[Opening DATA SHOWN section]

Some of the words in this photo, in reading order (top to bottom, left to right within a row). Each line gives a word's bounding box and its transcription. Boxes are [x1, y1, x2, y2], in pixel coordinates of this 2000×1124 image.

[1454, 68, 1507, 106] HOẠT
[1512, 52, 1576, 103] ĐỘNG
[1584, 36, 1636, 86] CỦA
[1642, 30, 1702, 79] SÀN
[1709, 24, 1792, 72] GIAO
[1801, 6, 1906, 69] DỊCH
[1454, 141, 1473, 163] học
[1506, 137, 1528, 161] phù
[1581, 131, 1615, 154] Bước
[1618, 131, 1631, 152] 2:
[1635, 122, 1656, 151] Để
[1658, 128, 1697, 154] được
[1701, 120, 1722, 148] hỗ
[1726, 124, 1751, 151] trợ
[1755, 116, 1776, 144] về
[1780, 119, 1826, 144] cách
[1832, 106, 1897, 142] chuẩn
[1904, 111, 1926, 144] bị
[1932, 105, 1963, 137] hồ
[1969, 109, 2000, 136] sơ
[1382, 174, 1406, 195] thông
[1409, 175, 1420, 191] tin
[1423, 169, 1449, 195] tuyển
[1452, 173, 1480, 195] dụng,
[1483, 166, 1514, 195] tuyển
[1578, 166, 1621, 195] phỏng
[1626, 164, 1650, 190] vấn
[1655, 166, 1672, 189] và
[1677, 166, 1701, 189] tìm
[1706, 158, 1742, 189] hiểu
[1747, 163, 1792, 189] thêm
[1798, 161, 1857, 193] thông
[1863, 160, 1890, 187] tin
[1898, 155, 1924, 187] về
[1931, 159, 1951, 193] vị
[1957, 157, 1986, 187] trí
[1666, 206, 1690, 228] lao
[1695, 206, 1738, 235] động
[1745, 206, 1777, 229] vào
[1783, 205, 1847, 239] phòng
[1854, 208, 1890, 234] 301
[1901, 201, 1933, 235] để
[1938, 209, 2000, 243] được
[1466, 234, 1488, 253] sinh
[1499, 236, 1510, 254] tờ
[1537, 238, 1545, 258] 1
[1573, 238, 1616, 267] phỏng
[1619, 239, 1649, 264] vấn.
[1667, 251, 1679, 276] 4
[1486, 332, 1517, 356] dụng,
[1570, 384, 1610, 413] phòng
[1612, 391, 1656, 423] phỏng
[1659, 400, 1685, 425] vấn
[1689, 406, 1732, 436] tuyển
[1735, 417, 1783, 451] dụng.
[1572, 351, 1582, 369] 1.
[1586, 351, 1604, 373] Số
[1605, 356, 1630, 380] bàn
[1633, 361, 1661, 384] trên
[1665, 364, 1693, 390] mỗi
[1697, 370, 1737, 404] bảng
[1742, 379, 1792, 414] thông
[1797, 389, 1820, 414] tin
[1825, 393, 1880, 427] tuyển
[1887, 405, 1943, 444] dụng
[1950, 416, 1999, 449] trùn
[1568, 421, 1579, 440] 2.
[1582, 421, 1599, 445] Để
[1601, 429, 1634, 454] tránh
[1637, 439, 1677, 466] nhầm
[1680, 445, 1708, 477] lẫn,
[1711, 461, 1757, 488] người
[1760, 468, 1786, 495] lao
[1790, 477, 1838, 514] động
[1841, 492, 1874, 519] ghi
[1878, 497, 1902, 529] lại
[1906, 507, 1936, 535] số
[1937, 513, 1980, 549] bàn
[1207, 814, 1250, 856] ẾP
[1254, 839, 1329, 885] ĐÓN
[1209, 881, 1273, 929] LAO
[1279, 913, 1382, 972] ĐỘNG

[Closing DATA SHOWN section]

Filter the entries above and keep only the lines with the word "thông".

[1382, 174, 1406, 195] thông
[1798, 161, 1857, 193] thông
[1742, 379, 1792, 414] thông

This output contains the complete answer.